One of the Federal Trade Commission’s core missions is investigating and taking action against false and deceptive advertising claims. For any advertiser or marketer, being on the receiving end of an enforcement action is a serious, possibly long-term endeavor. In late December 2015, the FTC released its Enforcement Policy Statement on Deceptively Formatted Advertisements. Clearly, the statement’s name alone sends a strong signal that the FTC sees native advertising, AKA, “Branded Content,” as an important issue when the material is not clearly and conspicuously disclosed as advertising content.
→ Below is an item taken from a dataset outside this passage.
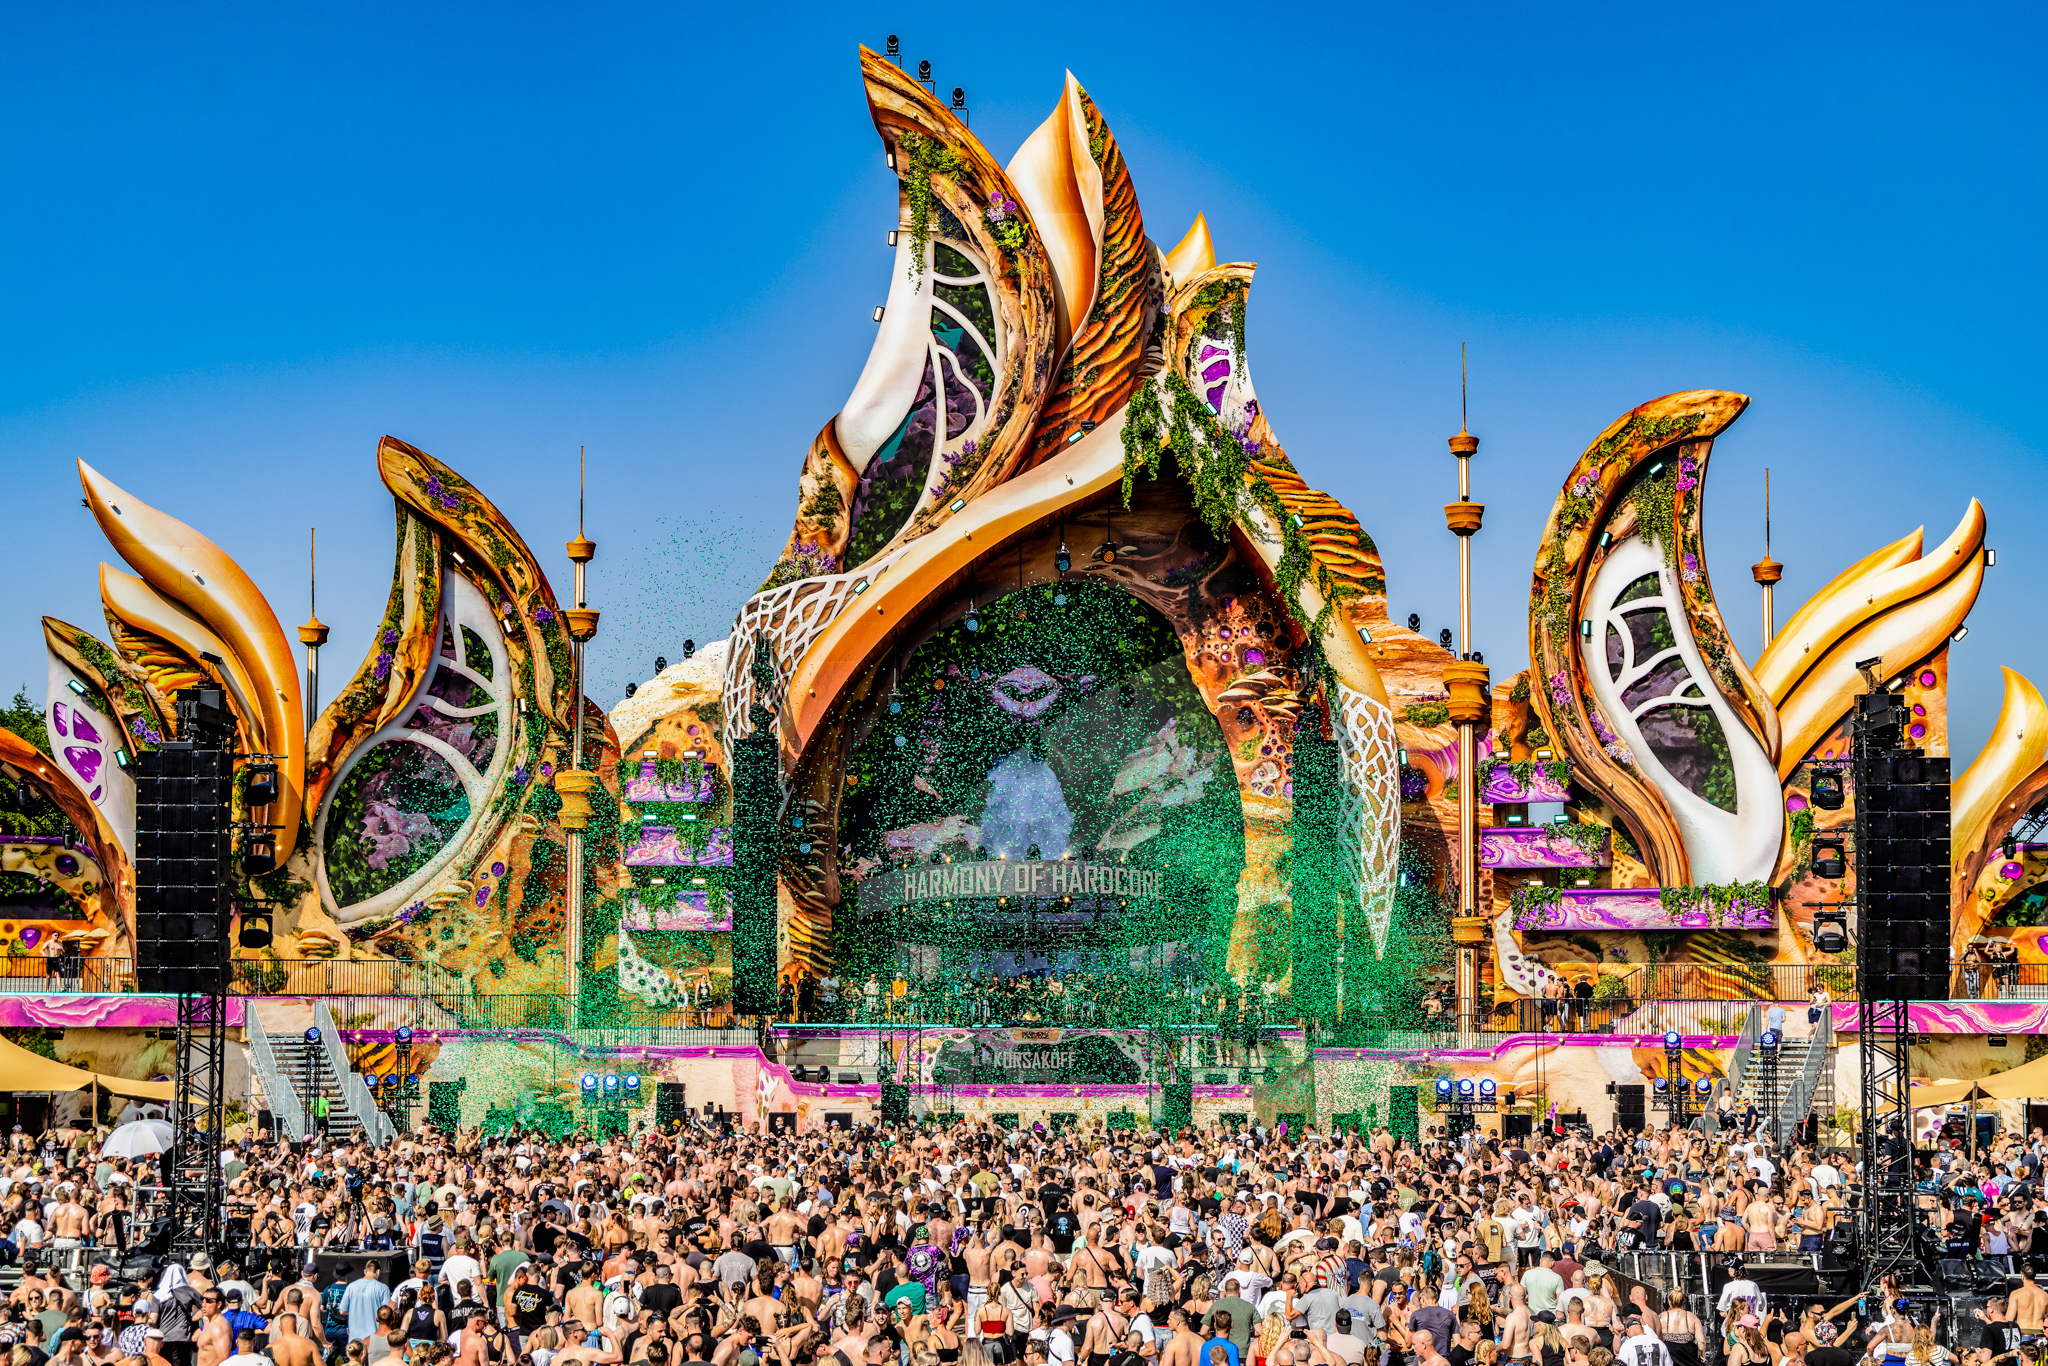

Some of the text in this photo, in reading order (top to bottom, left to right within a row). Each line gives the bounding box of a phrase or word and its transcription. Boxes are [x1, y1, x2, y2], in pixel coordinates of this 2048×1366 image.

In the FTC’s own words, “an ad shouldn’t convey that it’s anything other than an ad.”
To help businesses comply with the new FTC policy, it has issued a Guide for Businesses that provides 17 text-only examples of what not to do in video games, websites/online magazines, social media and video platforms, and search results. The bottom line is that native advertising, no matter the medium or size/placement constraints, has to be clearly labeled as such.
From the proverbial horse’s mouth:
“Disclosures that are necessary to avoid misleading consumers must be presented clearly and prominently. Whether a disclosure of a native ad’s commercial nature meets this standard will be measured by its performance – that is, do consumers recognize the native ad as an ad? Only disclosures that consumers notice, process, and understand can be effective.”